Losing a cow is a clearly a big deal for a smallholder farmer, but could you address the larger socio-economic costs of a disease like rinderpest in Africa?

At the time we started there were not good economic studies on the impact of rinderpest. But there are two sides to the equation: the impact of rinderpest and the continuous process of trying to control rinderpest. A major activity in veterinary services in the developing world was vaccination against rinderpest and that's where they would spend most of their budgets.

It was the kind of thing where, back in the 60s and 70s, it was sort of a no brainer because when you have a disease that can kill 90 percent of the cattle population, you don't need a detailed analysis to know that should probably be your largest priority.

This is only the second disease in history to be completely eliminated, and the first ever livestock disease. Why was your team successful where others have failed?

As far as animal diseases, I think it's the one that's received the most concerted effort over the years. Also rinderpest was well chosen for eradication because, besides being a very important disease, there were certain attributes that made it easier to control.

There's no reservoir for rinderpest, it depends on continuous transmission. If an animal gets sick, it has to transmit the disease or the disease dies out because it doesn't have a reservoir. So it's a lot like measles in children in that sense. Capitalizing on that and the fact that there were good vaccines, we could effectively vaccinate out the disease.

With a lot of other diseases it's not that simple - the vaccine is not as effective or they have reservoirs in nature, or they exist in the soil as well as in animals, and so to eradicate them is much more challenging.

So rinderpest was a good choice in that it had a lot of characteristics that lent it toward eradication. The changes that really proved effective, if we want to take some credit for anything, were moving from the traditional approach of mass vaccination where we just tried to vaccinate everything.

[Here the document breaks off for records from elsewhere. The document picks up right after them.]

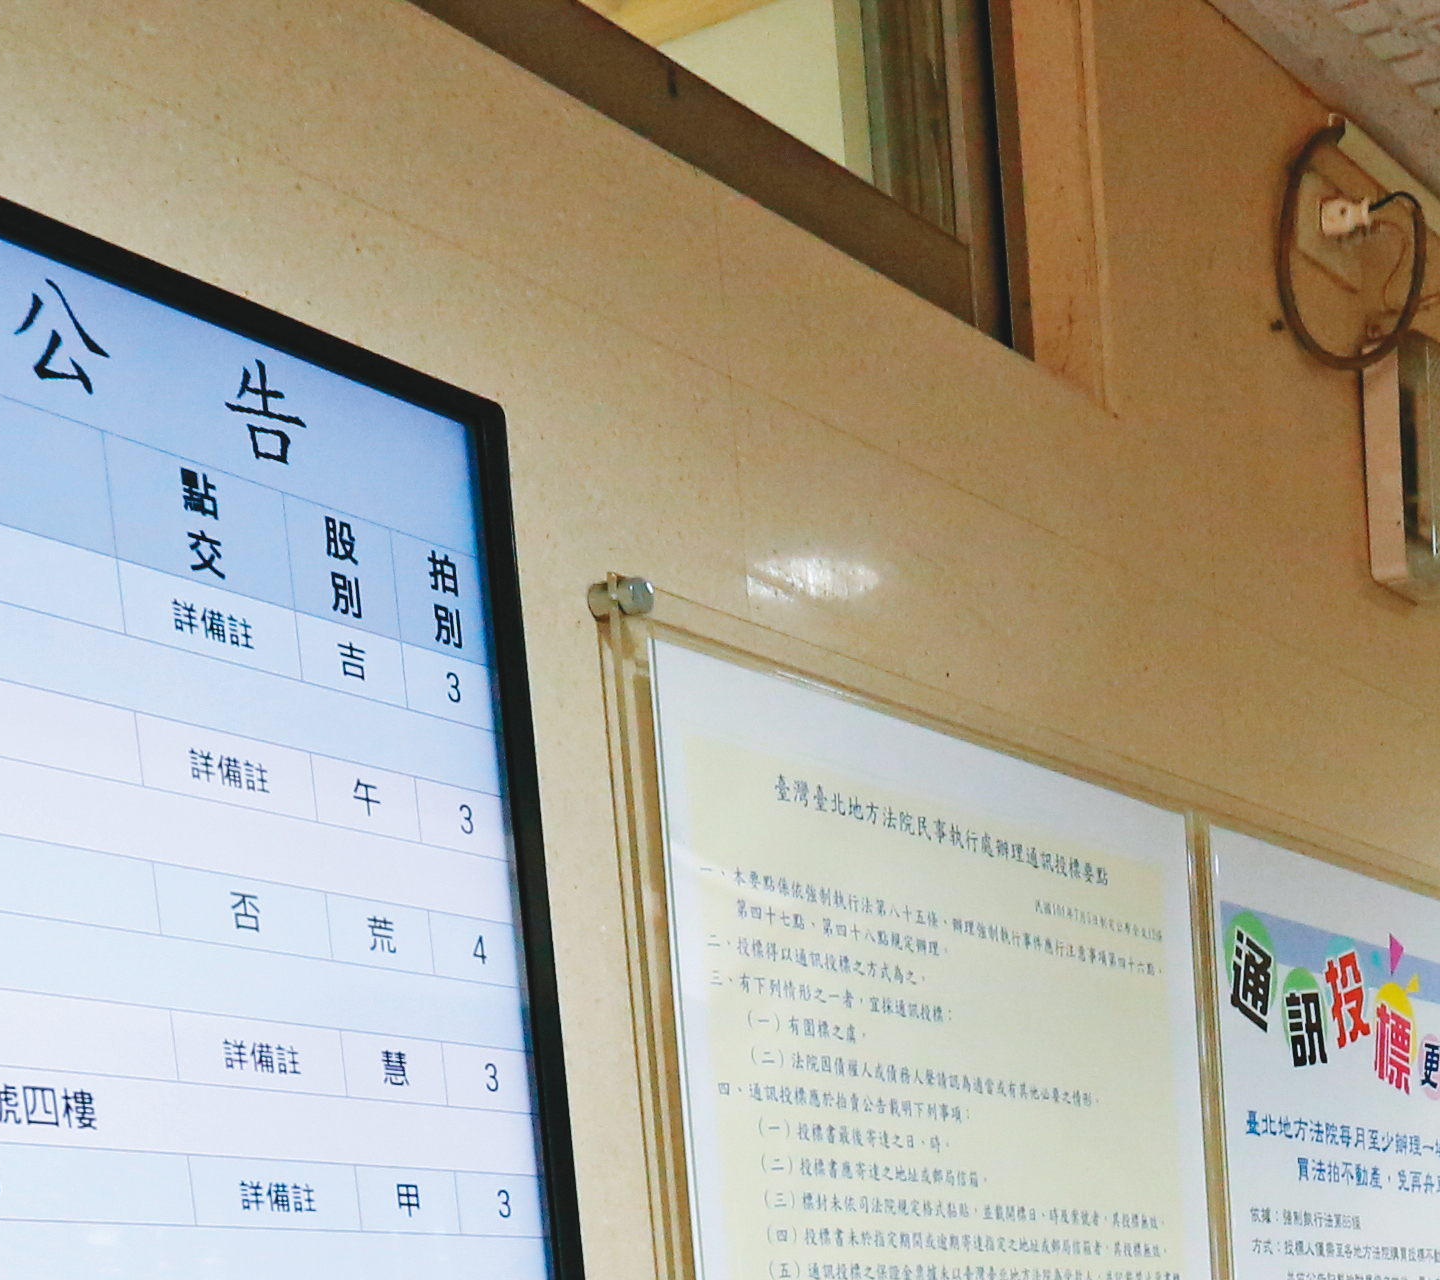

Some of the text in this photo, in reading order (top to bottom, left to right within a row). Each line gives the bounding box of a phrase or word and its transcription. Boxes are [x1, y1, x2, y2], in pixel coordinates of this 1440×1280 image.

[179, 467, 226, 581] 點交
[323, 516, 364, 620] 股別
[428, 549, 464, 650] 拍別
[171, 599, 255, 652] 詳備註
[337, 642, 367, 682] 吉
[445, 672, 463, 704] 3
[188, 749, 270, 796] 詳備註
[351, 776, 382, 818] 午
[458, 804, 476, 837] 3
[229, 890, 263, 935] 否
[367, 914, 398, 955] 荒
[471, 935, 489, 967] 4
[222, 1037, 302, 1078] 詳備註
[379, 1047, 412, 1091] 慧
[484, 1062, 500, 1094] 3
[238, 1179, 318, 1215] 詳備註
[396, 1182, 422, 1217] 甲
[496, 1189, 512, 1219] 3

We're getting much smarter in two senses: One was how we delivered vaccines. We started to work through the community and local health workers. The other sense was about targeting our approach, thinking about the key populations for the transmission of rinderpest and then focusing our resources on those. What we found was that those are often the most difficult populations to reach; often they're in these remote areas. So it was this combination of getting the community animal health workers involved to vaccinate in remote areas, but also convincing governments to focus on those areas because they were the sources of infection.

So revising our strategy to be epidemiologically targeted, but also changing the institutional setup of the way that different actors were doing vaccination work - those are the kinds of changes that allowed us to complete the eradication.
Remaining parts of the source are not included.